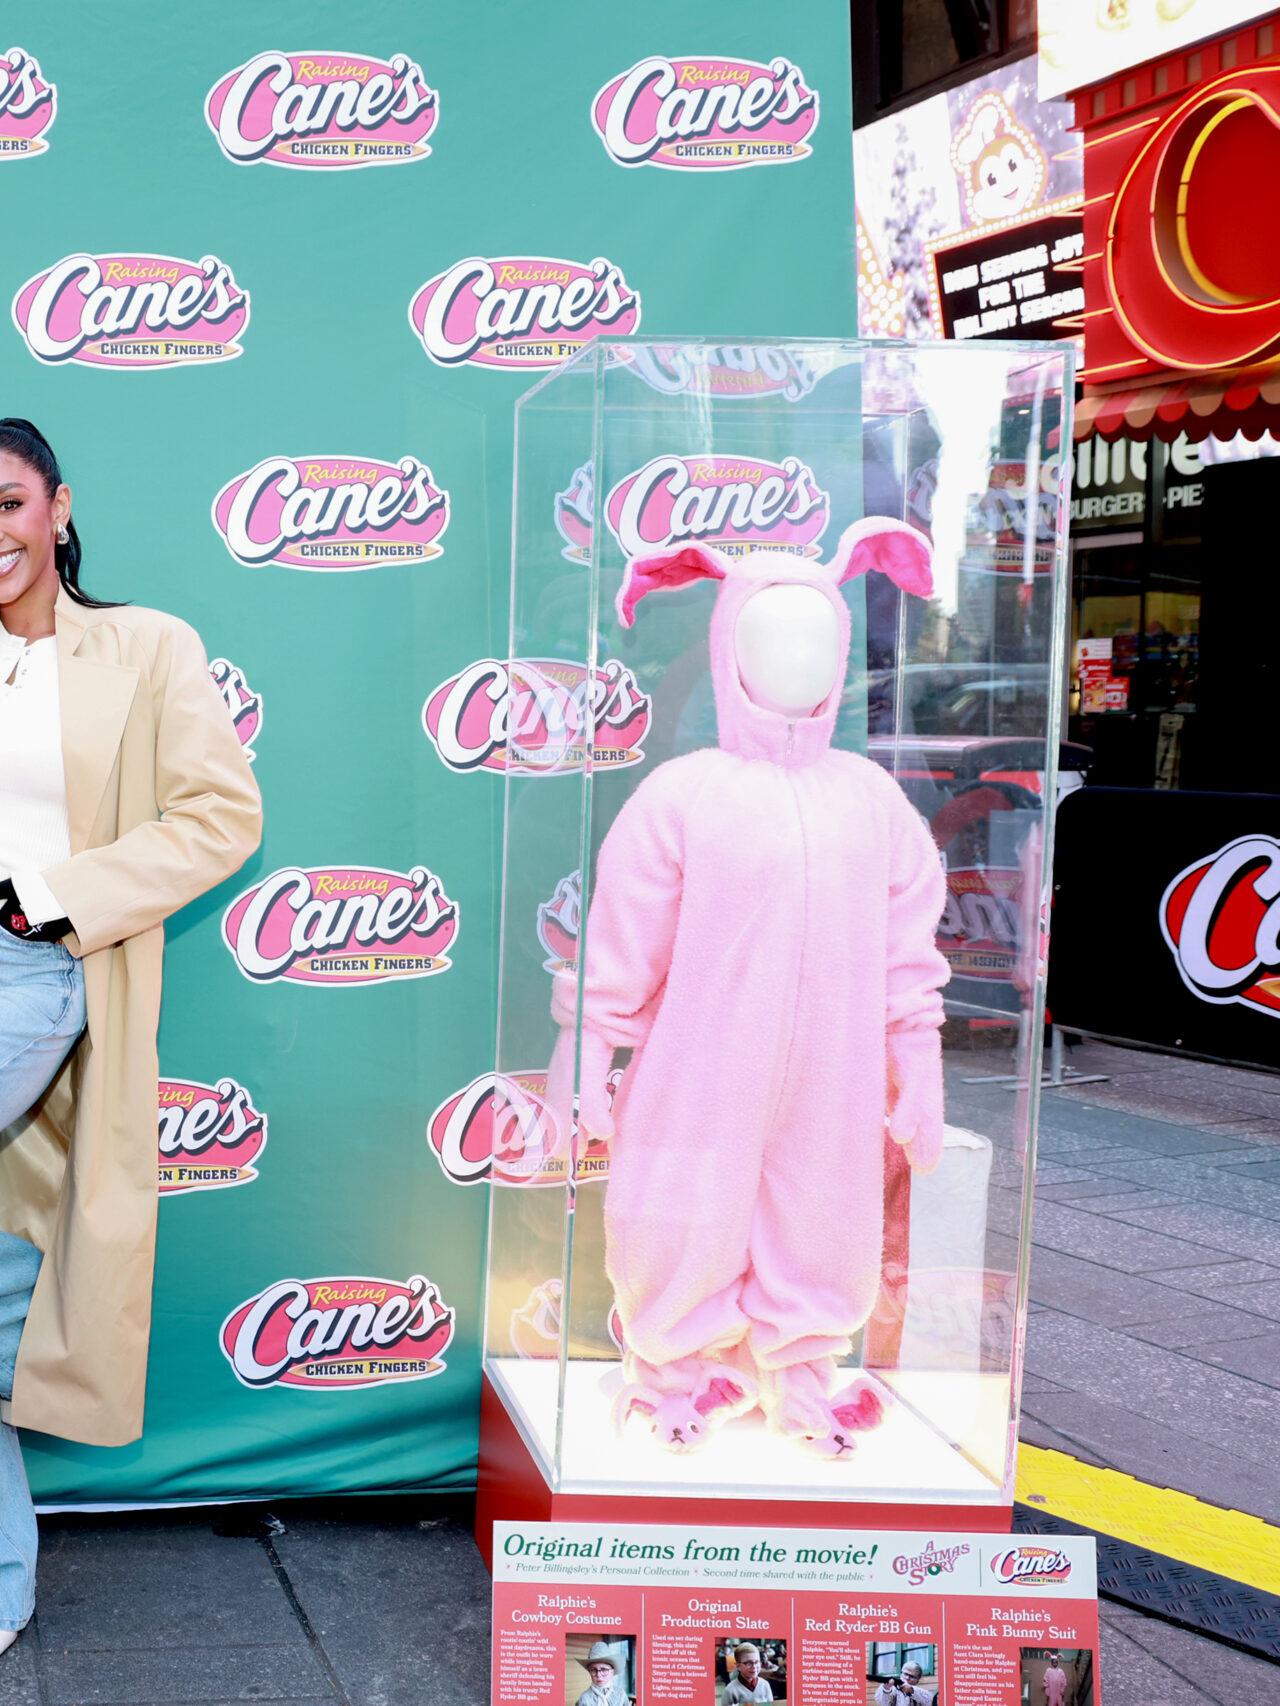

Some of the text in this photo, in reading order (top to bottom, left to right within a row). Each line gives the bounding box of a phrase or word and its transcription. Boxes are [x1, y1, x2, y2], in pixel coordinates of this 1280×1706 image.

[296, 59, 368, 81] Raising
[679, 64, 750, 85] Raising
[220, 52, 433, 159] Cane's
[605, 57, 813, 161] Cane's
[291, 142, 410, 156] CHICKEN FINGERS
[675, 144, 791, 158] CHICKEN FINGERS
[105, 261, 179, 283] Raising
[499, 263, 571, 285] Raising
[27, 254, 244, 359] Cane's
[424, 256, 635, 361] Cane's
[100, 342, 222, 356] CHICKEN FINGERS
[495, 344, 552, 357] CHICKEN
[304, 462, 378, 484] Raising
[692, 462, 763, 483] Raising
[226, 455, 443, 560] Cane's
[619, 455, 825, 556] Cane's
[299, 544, 421, 558] CHICKEN FINGERS
[437, 659, 645, 766] Cane's
[315, 872, 389, 895] Raising
[238, 865, 453, 975] Cane's
[310, 958, 431, 972] CHICKEN FINGERS
[158, 1082, 263, 1158] ne's
[178, 1168, 238, 1180] FINGERS
[312, 1284, 383, 1305] Raising
[238, 1278, 446, 1378] Cane's
[308, 1362, 424, 1375] CHICKEN FINGERS
[504, 1533, 878, 1565] Original items from the movie!
[925, 1540, 934, 1552] A
[1021, 1548, 1048, 1557] Raising
[515, 1562, 690, 1577] Peter Billingsley's Personal Collection
[892, 1543, 971, 1575] CHRISTMAS
[994, 1546, 1071, 1583] Cane's
[703, 1568, 865, 1583] Second time shared with the public
[538, 1594, 597, 1609] Ralphie's
[688, 1599, 742, 1614] Original
[838, 1603, 898, 1617] Ralphie's
[511, 1610, 622, 1626] Cowboy Costume
[661, 1614, 770, 1630] Production Slate
[991, 1608, 1051, 1622] Ralphie's
[805, 1618, 932, 1635] Red Ryder BB Gun
[966, 1624, 1077, 1640] Pink Bunny Suit
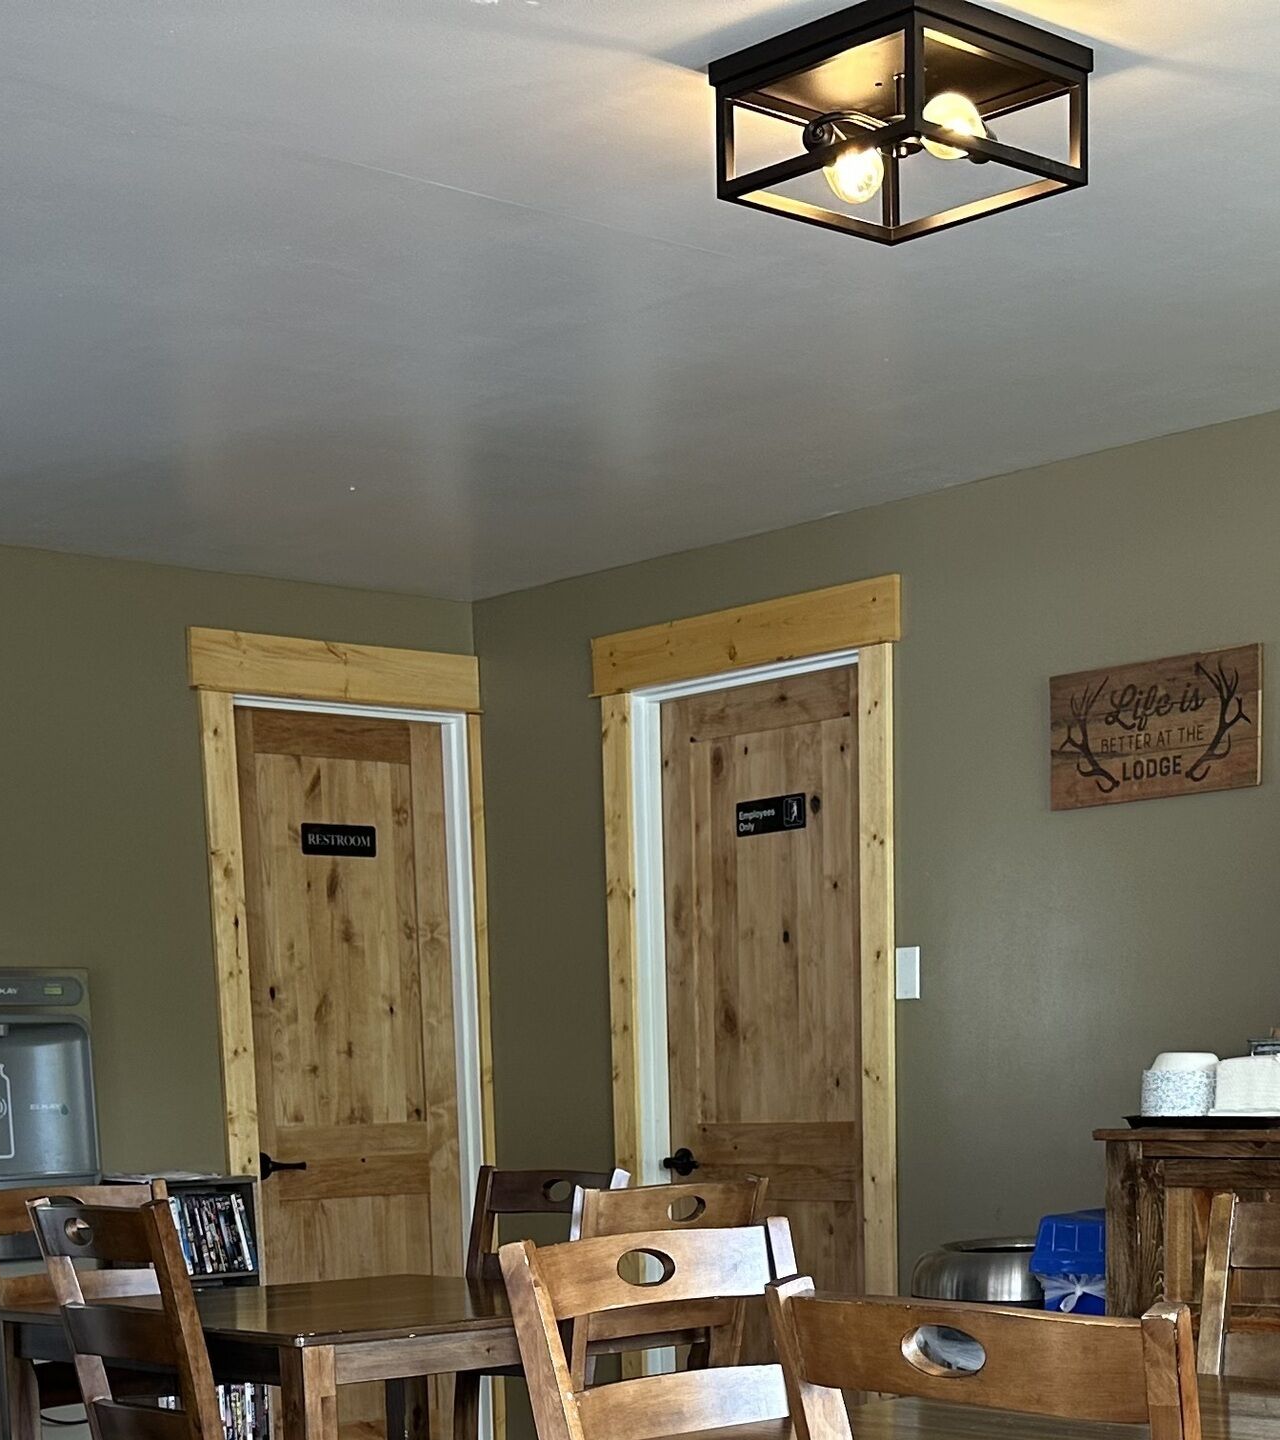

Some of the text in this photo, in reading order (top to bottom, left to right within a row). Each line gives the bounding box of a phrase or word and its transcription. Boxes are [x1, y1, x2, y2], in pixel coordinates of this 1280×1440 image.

□ □ □ □

• Task directions:
Print the listing above in full, exactly as written. Omit any pictures.

• Task answer:
Some of the text in this photo, in reading order (top to bottom, left to right within a row). Each line gives the bounding box of a phrase or word and its transcription. Boxes are [x1, y1, x2, y2], in pixel coordinates of this 1280×1706 image.

[296, 59, 368, 81] Raising
[679, 64, 750, 85] Raising
[220, 52, 433, 159] Cane's
[605, 57, 813, 161] Cane's
[291, 142, 410, 156] CHICKEN FINGERS
[675, 144, 791, 158] CHICKEN FINGERS
[105, 261, 179, 283] Raising
[499, 263, 571, 285] Raising
[27, 254, 244, 359] Cane's
[424, 256, 635, 361] Cane's
[100, 342, 222, 356] CHICKEN FINGERS
[495, 344, 552, 357] CHICKEN
[304, 462, 378, 484] Raising
[692, 462, 763, 483] Raising
[226, 455, 443, 560] Cane's
[619, 455, 825, 556] Cane's
[299, 544, 421, 558] CHICKEN FINGERS
[437, 659, 645, 766] Cane's
[315, 872, 389, 895] Raising
[238, 865, 453, 975] Cane's
[310, 958, 431, 972] CHICKEN FINGERS
[158, 1082, 263, 1158] ne's
[178, 1168, 238, 1180] FINGERS
[312, 1284, 383, 1305] Raising
[238, 1278, 446, 1378] Cane's
[308, 1362, 424, 1375] CHICKEN FINGERS
[504, 1533, 878, 1565] Original items from the movie!
[925, 1540, 934, 1552] A
[1021, 1548, 1048, 1557] Raising
[515, 1562, 690, 1577] Peter Billingsley's Personal Collection
[892, 1543, 971, 1575] CHRISTMAS
[994, 1546, 1071, 1583] Cane's
[703, 1568, 865, 1583] Second time shared with the public
[538, 1594, 597, 1609] Ralphie's
[688, 1599, 742, 1614] Original
[838, 1603, 898, 1617] Ralphie's
[511, 1610, 622, 1626] Cowboy Costume
[661, 1614, 770, 1630] Production Slate
[991, 1608, 1051, 1622] Ralphie's
[805, 1618, 932, 1635] Red Ryder BB Gun
[966, 1624, 1077, 1640] Pink Bunny Suit

Some of the text in this photo, in reading order (top to bottom, left to right within a row). Each line gives the bounding box of a phrase or word and its transcription. Boxes are [x1, y1, x2, y2], in pixel coordinates of this 1280×1440 image.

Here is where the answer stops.